At the time of writing that update, it appeared as if little Akatsuki (“Dawn”), designed to probe the Venusian climate and atmosphere had finally arrived in orbit about the planet, but as I noted, final confirmation would take a while.  In the end, it wasn’t until Wednesday, December 9th that the Japan Aerospace eXploration Agency (JAXA) did confirm Akatsuki, less than a metre on a side (excluding its solar panels) was secure in its orbit around Venus and would likely be able to complete its mission.

Following the failure of its main engine on December 7th 2010 during a critical braking manoeuvre, the probe had finished up in a heliocentric orbit, circling the sun and heading away from Venus. However, orbital mechanics being as they are, both the probe and Venus would occupy the same part of space once again in December 2015, presenting final opportunity to push the probe into orbit using its RCS manoeuvring thrusters. This is precisely what happened on the night of December 6th / 7th, 2015. While not designed for this purpose, a set of the probe’s RCS thrusters undertook a 20-minute burn just before midnight UTC on December 6th, and preliminary telemetry received on Earth some 30+ minutes later showed Akatsuki had achieved sufficient braking to enter a very elliptical orbit around Venus.

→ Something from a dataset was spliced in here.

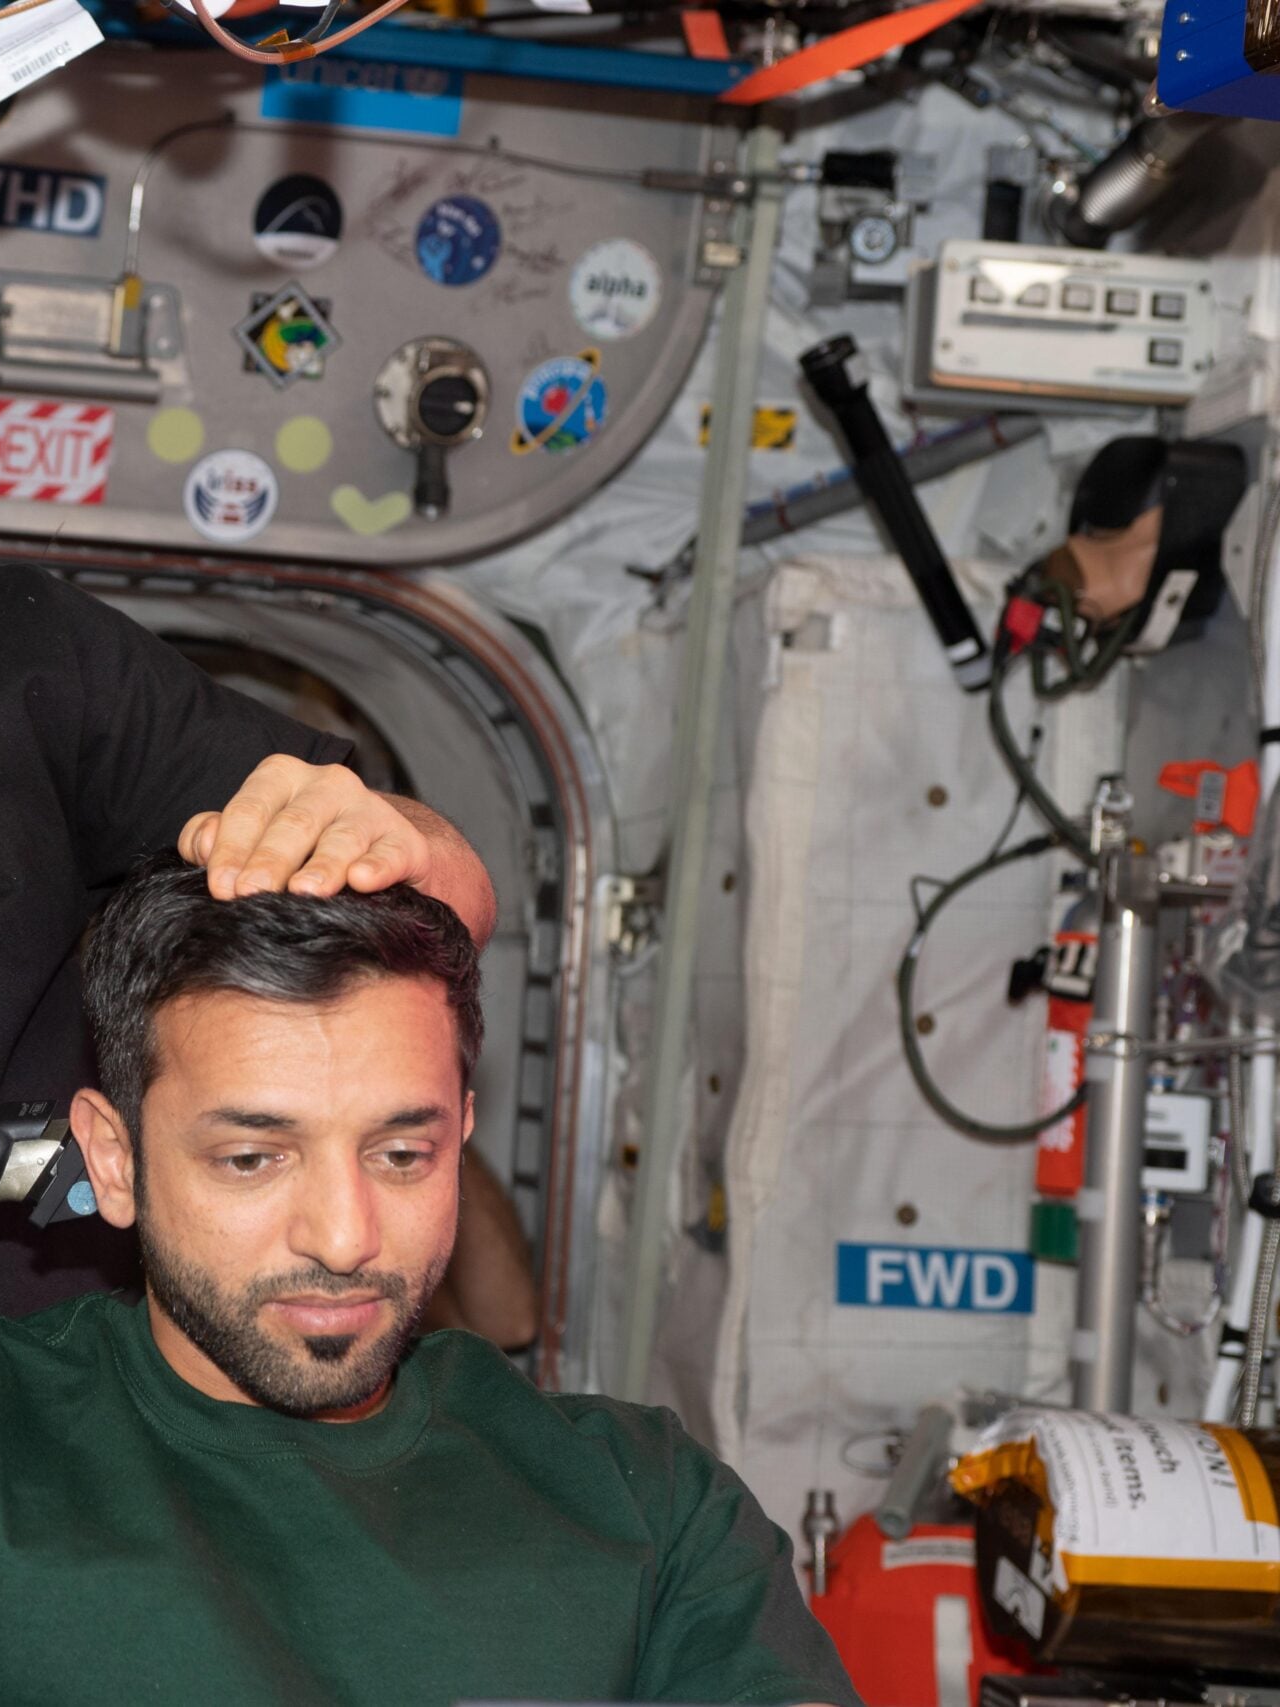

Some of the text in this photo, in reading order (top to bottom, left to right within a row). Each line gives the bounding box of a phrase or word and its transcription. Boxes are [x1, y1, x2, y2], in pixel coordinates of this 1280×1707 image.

[585, 270, 648, 302] alpha
[0, 424, 94, 481] EXIT
[867, 1250, 1018, 1310] FWD

A simple orbital diagram released as a part of the low-key JAXA press release confirming Akatsuki had arrived in orbit around Venus

A simple orbital diagram released as a part of the low-key JAXA press release confirming Akatsuki had arrived in orbit around Venus (image: JAXA)

Data received since then show that the craft is in an eccentric orbit with an apoasis altitude (the point at which it is furthest from the surface of Venus) of around 440,000km, and a periapsis altitude (the point at which it is closest to the surface of Venus) of around 400km. This is a considerably broader orbit than the mission had originally intended back in 2010, giving the vehicle an orbital period of around 13.5 days, the orbit slightly inclined relative to Venus’ equator.

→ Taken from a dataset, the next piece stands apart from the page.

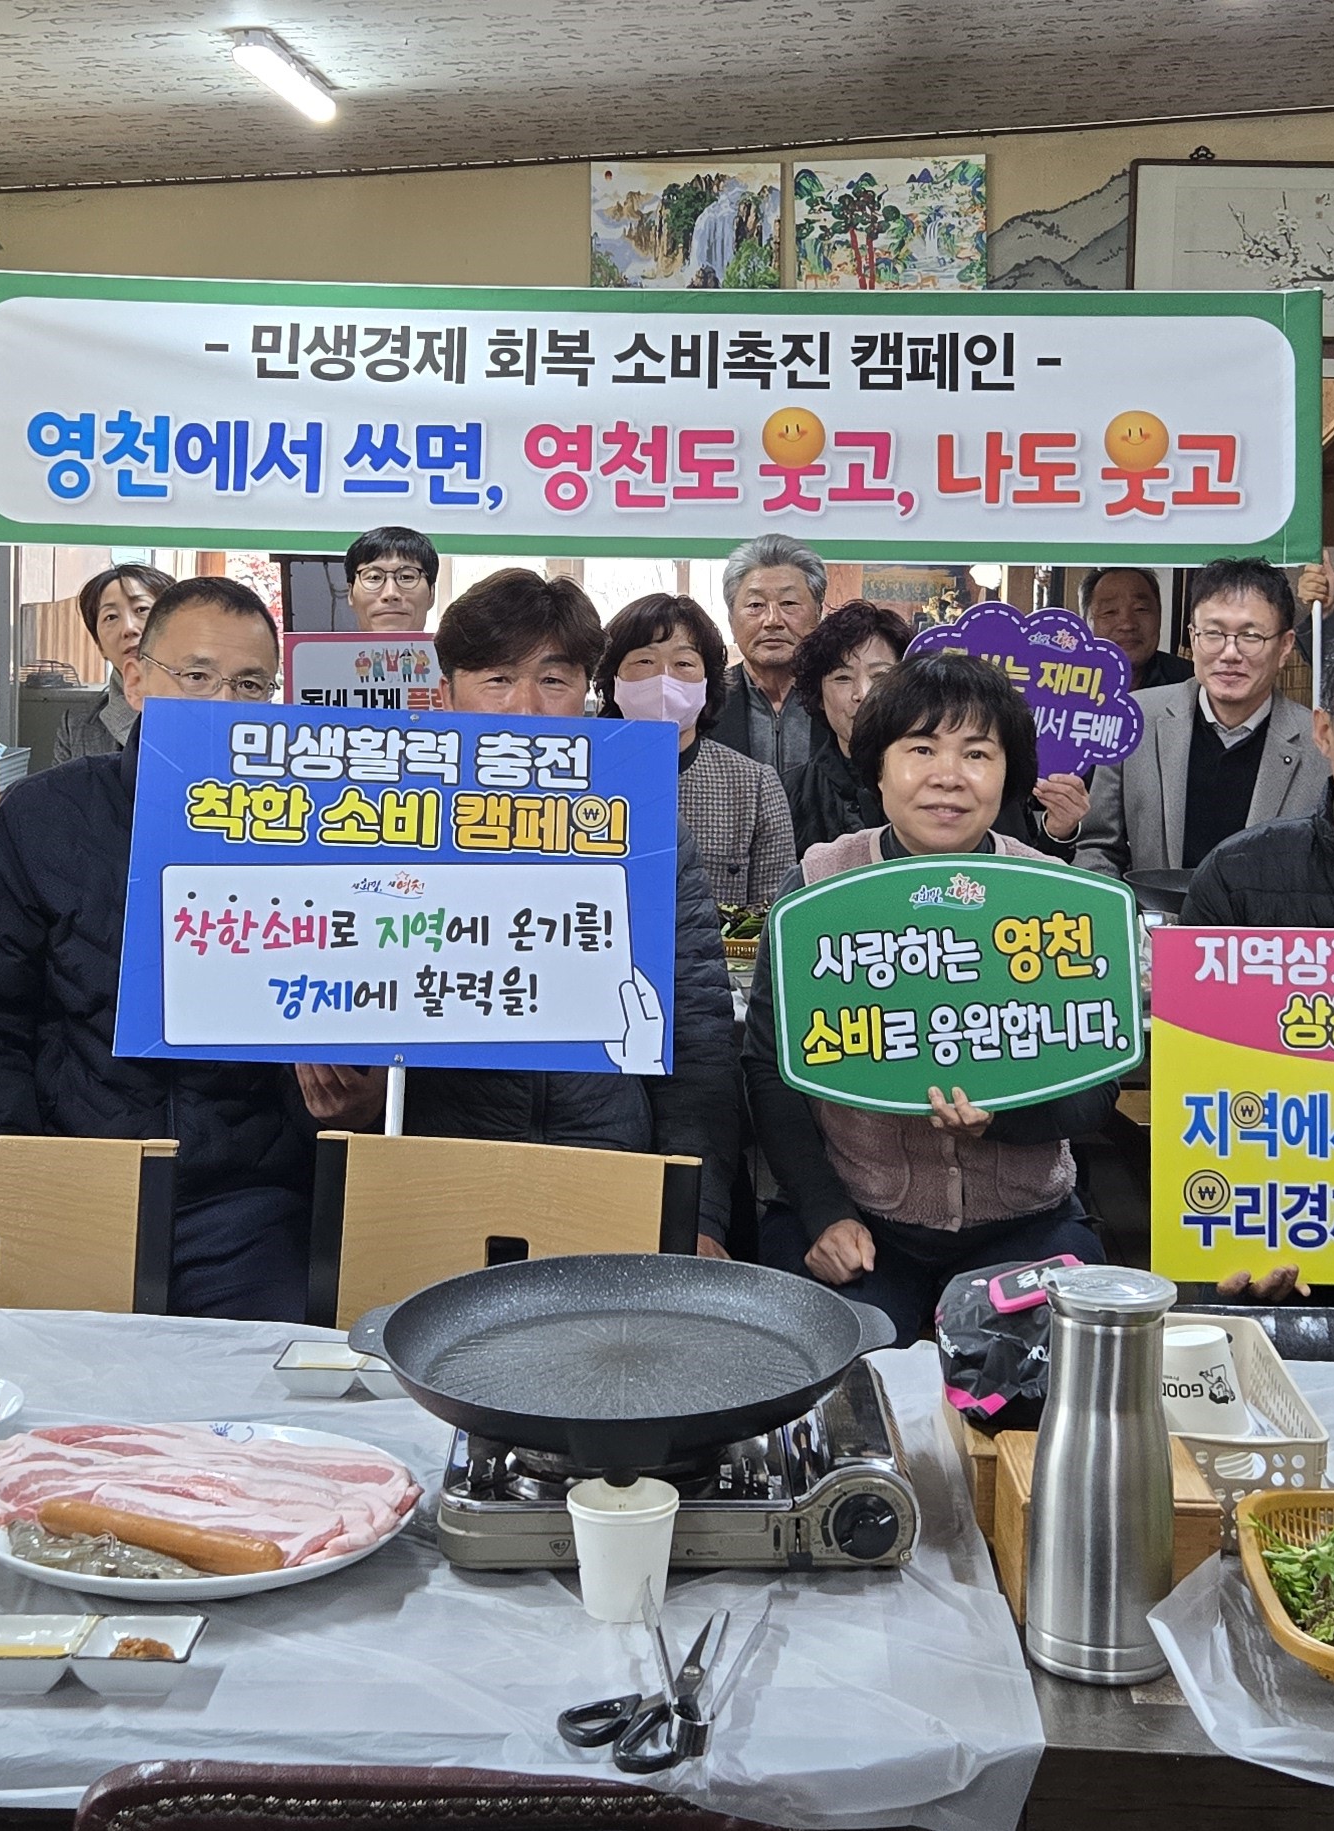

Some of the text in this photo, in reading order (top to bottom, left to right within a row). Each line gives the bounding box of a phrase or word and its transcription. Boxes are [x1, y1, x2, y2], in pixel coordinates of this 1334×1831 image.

An ultra-violet image of Venus, returned by Akatsuki shortly after achieving its initial orbit around the planet, and having passed through periapis, already heading away from the planet

An ultra-violet image of Venus, returned by Akatsuki shortly after achieving its initial orbit around the planet, having passed periapsis during the braking manoeuvre, to head away from the planet (image: JAXA)

In order to maximise the science return from the vehicle – which is now operating well in excess of its designed operational life – JAXA plan to use the next few months to gradually ease Akatsuki in an orbit which reduces both the apoasis distance from Venus, and bring down the orbital period to about 9 days.

These manoeuvres will likely be completed by April 2016, allowing the full science mission to finally commence.  This is aimed at learning more about the atmosphere and weather on Venus as well as confirm the presence of active volcanoes and thunder, and also to try to understand exactly why  Earth and Venus developed so differently from each other, despite being seen as sister planets in some regards.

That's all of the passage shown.